• [Brief]
Please return the data word for word and leave out any picture it contains.

• [Task data]

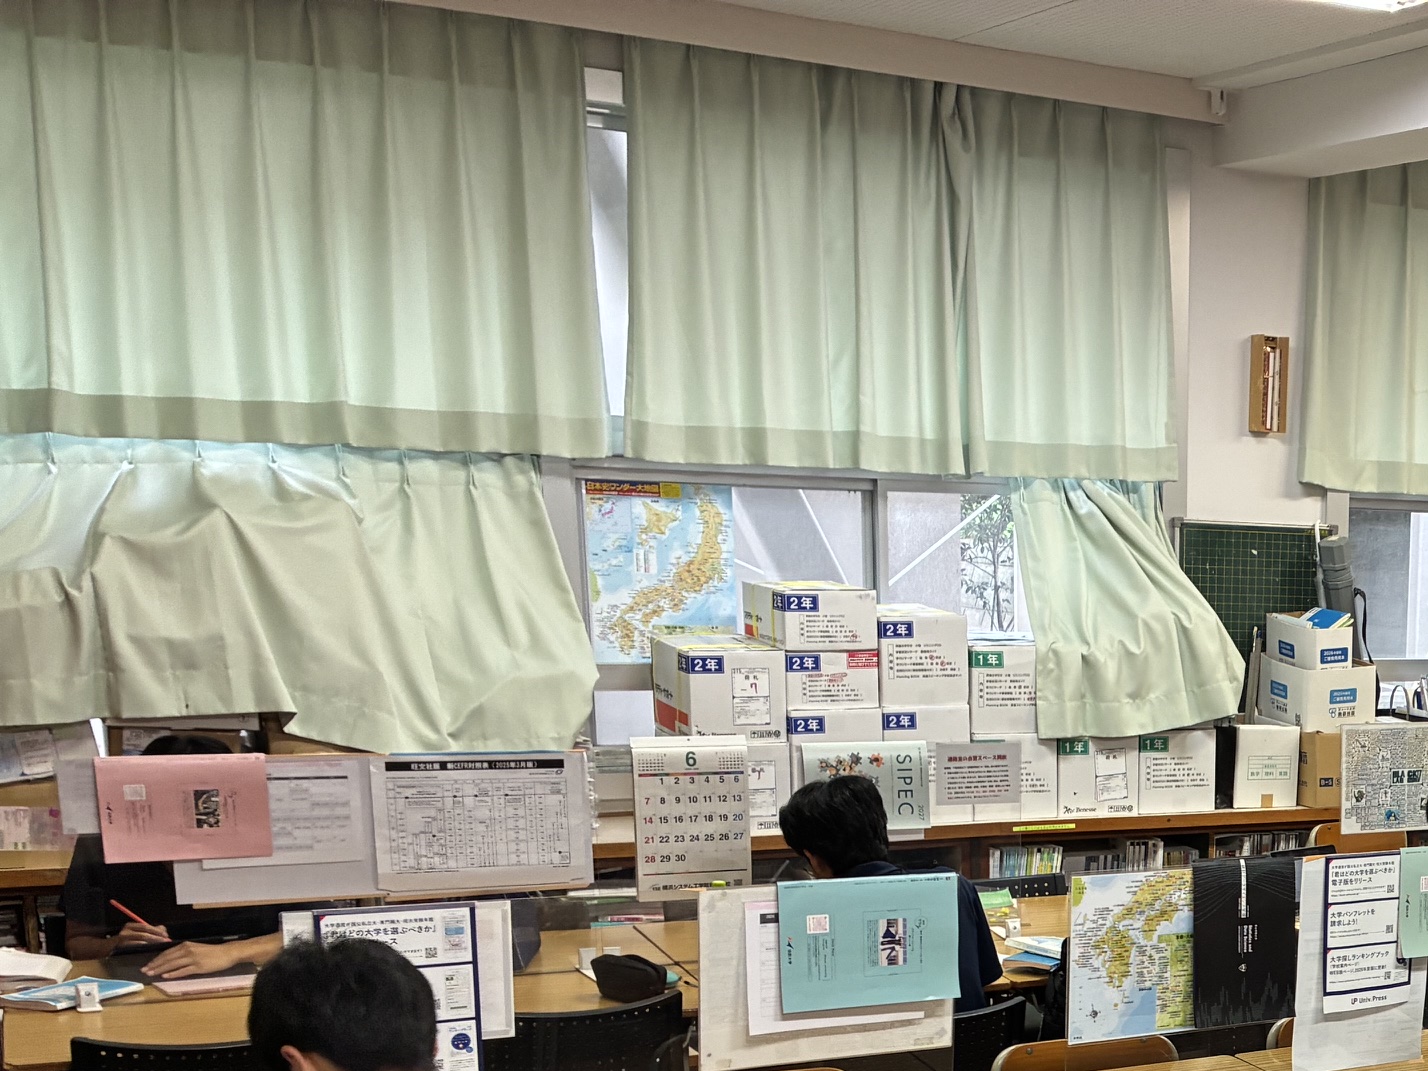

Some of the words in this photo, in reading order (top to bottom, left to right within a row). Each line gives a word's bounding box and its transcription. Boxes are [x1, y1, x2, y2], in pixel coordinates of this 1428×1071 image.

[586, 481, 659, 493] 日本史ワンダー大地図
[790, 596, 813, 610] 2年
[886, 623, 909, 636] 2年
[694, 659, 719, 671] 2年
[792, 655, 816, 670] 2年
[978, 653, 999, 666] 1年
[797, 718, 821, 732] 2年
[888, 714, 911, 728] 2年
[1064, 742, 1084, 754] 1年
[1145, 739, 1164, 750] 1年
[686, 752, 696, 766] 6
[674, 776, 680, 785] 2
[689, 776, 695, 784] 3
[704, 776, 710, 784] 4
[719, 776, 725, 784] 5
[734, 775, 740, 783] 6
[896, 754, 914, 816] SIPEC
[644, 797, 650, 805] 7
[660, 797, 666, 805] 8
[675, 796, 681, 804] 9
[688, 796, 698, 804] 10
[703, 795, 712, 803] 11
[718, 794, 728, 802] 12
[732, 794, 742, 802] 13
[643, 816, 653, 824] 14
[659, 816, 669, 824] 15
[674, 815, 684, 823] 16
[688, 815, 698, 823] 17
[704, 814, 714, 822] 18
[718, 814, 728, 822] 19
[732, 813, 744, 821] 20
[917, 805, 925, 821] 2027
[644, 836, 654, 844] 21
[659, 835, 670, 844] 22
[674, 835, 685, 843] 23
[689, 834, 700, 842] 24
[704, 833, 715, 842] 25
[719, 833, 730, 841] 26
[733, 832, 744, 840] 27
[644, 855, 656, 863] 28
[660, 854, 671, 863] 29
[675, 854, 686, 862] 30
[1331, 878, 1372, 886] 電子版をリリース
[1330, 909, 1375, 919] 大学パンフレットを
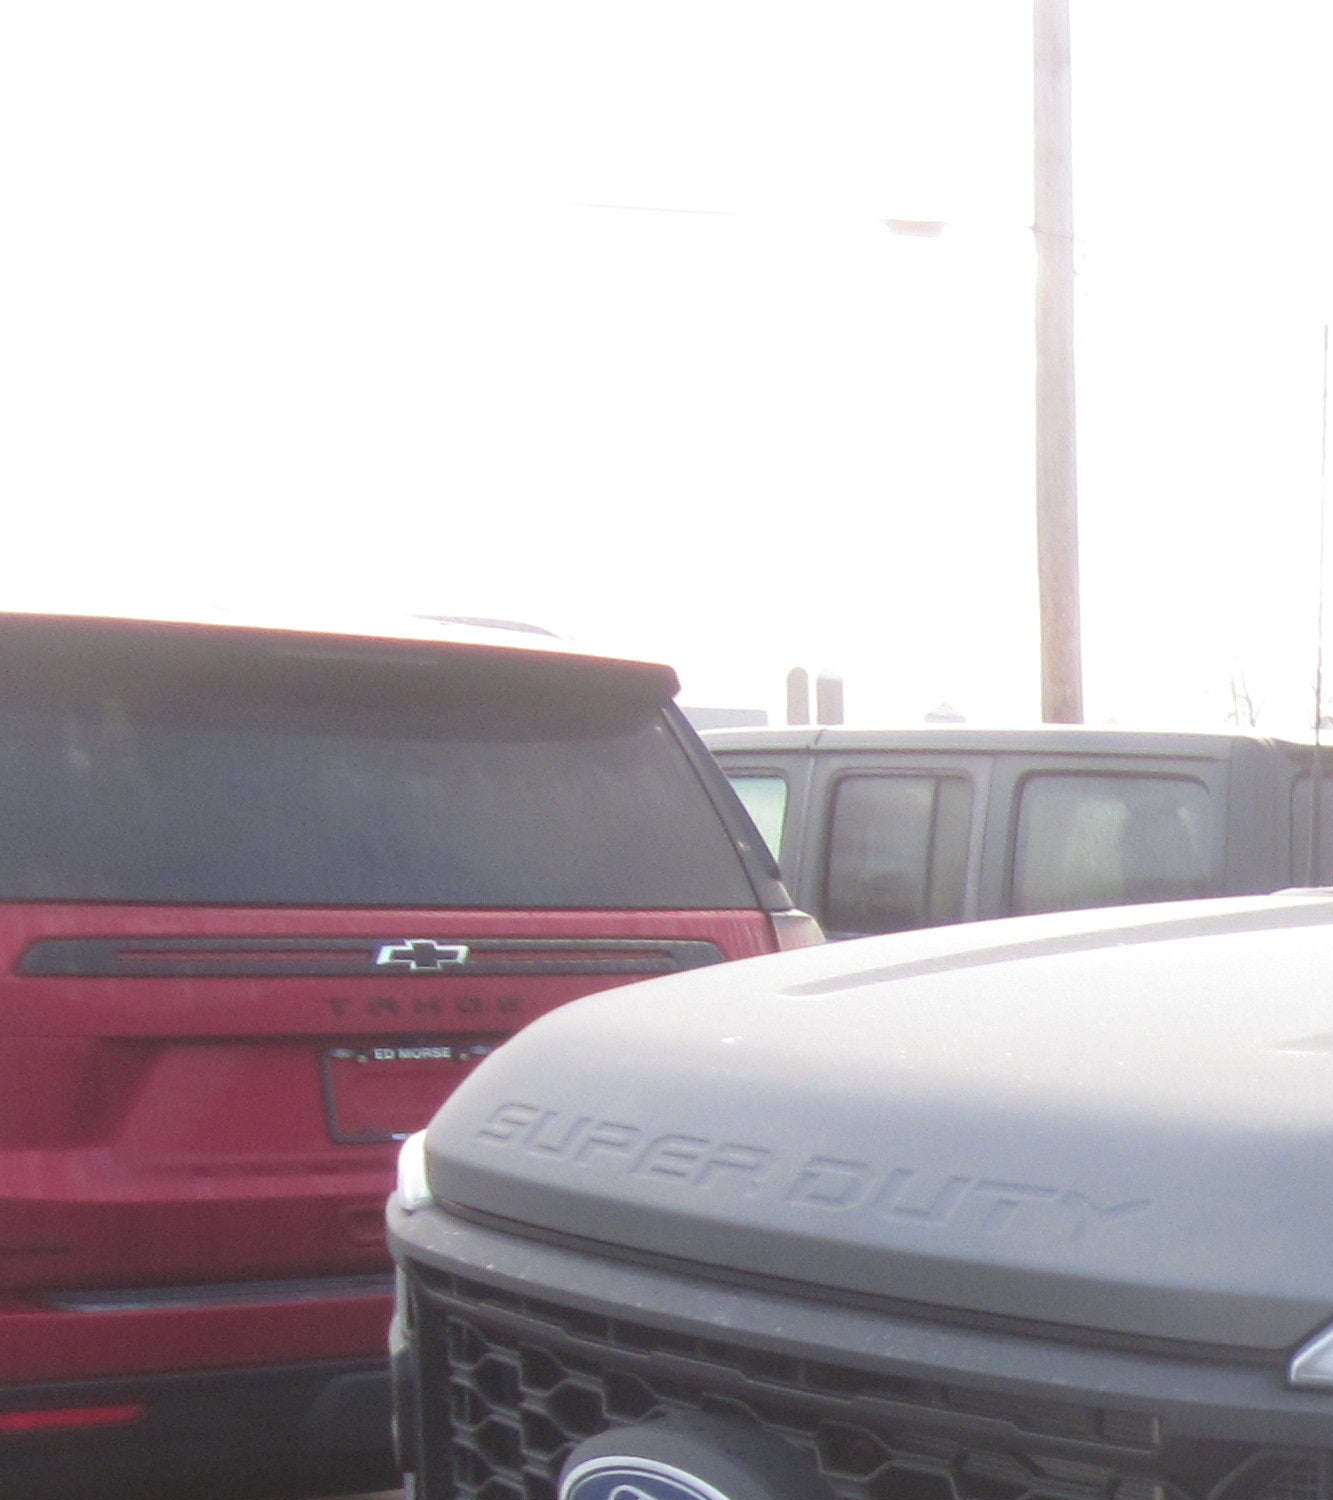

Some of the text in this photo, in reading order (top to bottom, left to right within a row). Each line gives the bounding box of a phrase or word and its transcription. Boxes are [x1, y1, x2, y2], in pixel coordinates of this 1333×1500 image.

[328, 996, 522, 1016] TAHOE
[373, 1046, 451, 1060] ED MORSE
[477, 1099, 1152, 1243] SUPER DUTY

• [Task output]
Some of the words in this photo, in reading order (top to bottom, left to right within a row). Each line gives a word's bounding box and its transcription. Boxes are [x1, y1, x2, y2], in pixel coordinates of this 1428×1071 image.

[586, 481, 659, 493] 日本史ワンダー大地図
[790, 596, 813, 610] 2年
[886, 623, 909, 636] 2年
[694, 659, 719, 671] 2年
[792, 655, 816, 670] 2年
[978, 653, 999, 666] 1年
[797, 718, 821, 732] 2年
[888, 714, 911, 728] 2年
[1064, 742, 1084, 754] 1年
[1145, 739, 1164, 750] 1年
[686, 752, 696, 766] 6
[674, 776, 680, 785] 2
[689, 776, 695, 784] 3
[704, 776, 710, 784] 4
[719, 776, 725, 784] 5
[734, 775, 740, 783] 6
[896, 754, 914, 816] SIPEC
[644, 797, 650, 805] 7
[660, 797, 666, 805] 8
[675, 796, 681, 804] 9
[688, 796, 698, 804] 10
[703, 795, 712, 803] 11
[718, 794, 728, 802] 12
[732, 794, 742, 802] 13
[643, 816, 653, 824] 14
[659, 816, 669, 824] 15
[674, 815, 684, 823] 16
[688, 815, 698, 823] 17
[704, 814, 714, 822] 18
[718, 814, 728, 822] 19
[732, 813, 744, 821] 20
[917, 805, 925, 821] 2027
[644, 836, 654, 844] 21
[659, 835, 670, 844] 22
[674, 835, 685, 843] 23
[689, 834, 700, 842] 24
[704, 833, 715, 842] 25
[719, 833, 730, 841] 26
[733, 832, 744, 840] 27
[644, 855, 656, 863] 28
[660, 854, 671, 863] 29
[675, 854, 686, 862] 30
[1331, 878, 1372, 886] 電子版をリリース
[1330, 909, 1375, 919] 大学パンフレットを

Some of the text in this photo, in reading order (top to bottom, left to right within a row). Each line gives the bounding box of a phrase or word and its transcription. Boxes are [x1, y1, x2, y2], in pixel coordinates of this 1333×1500 image.

[328, 996, 522, 1016] TAHOE
[373, 1046, 451, 1060] ED MORSE
[477, 1099, 1152, 1243] SUPER DUTY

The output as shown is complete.